It's not every day that an oil company announces the discovery of a "giant" new field, so energy geeks are paying a lot of attention to the news that BP, after drilling the world's deepest exploratory well in the Gulf of Mexico, has tapped a bonanza. As much as 3 billion barrels of oil may be lurking at the so-called Tiber Prospect.
BusinessWeek is especially effusive, speculating that the discovery might be one of the biggest finds of the decade, and, by the time it is fully deployed the latter half of the next decade, will be "raking in cash" like its BP operated Gulf-neighbor, Thunder Horse.

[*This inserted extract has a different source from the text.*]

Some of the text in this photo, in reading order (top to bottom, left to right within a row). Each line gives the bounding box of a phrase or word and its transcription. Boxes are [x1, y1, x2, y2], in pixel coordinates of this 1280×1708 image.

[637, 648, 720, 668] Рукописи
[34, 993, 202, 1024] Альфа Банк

I am having some trouble reconciling the figures, however. BusinessWeek cites Fadel Gheit, an analyst at Oppenheimer (OPY) in New York, as figuring "that at a price of $60 per barrel, BP will earn pretax profits in the mid-$20s per barrel from Thunder Horse."
That suggests that the cost of finding, developing, and extracting oil from Thunder Horse is about $40 per barrel.

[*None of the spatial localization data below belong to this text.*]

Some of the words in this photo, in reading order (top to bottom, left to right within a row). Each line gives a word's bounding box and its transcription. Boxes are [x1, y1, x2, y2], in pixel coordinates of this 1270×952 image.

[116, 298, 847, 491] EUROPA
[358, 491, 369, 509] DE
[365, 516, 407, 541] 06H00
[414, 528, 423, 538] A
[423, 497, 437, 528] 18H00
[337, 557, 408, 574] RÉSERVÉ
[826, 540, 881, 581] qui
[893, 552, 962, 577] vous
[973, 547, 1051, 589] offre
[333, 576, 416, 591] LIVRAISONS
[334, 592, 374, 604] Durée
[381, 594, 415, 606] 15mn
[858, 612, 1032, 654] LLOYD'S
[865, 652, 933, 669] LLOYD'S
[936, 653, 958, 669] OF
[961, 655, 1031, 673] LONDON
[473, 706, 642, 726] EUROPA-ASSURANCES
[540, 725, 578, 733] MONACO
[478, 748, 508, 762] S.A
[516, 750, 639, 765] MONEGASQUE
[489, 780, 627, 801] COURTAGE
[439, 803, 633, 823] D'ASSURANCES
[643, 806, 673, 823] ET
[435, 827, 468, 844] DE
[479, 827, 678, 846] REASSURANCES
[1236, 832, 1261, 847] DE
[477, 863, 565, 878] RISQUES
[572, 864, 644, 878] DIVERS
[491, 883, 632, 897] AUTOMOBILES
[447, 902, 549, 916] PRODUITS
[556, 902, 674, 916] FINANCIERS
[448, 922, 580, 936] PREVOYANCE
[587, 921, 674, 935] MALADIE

But according to the Energy Information Agency, the cost of finding oil in the Gulf of Mexico, as of 2007, had risen to $50 dollars a barrel. The EIA puts average U.S. "lifting costs" -- actually getting the oil out of the ground -- at about $10 dollars. One would presume that the lifting costs would be even higher in ultra deep wells of the Gulf of Mexico. The Tiber Prospect well goes down 35,000 feet !
Those figures suggest a break-even point of at least $60 dollars a barrel, and possibly more.
A giant find it may be, but cheap oil, it ain't.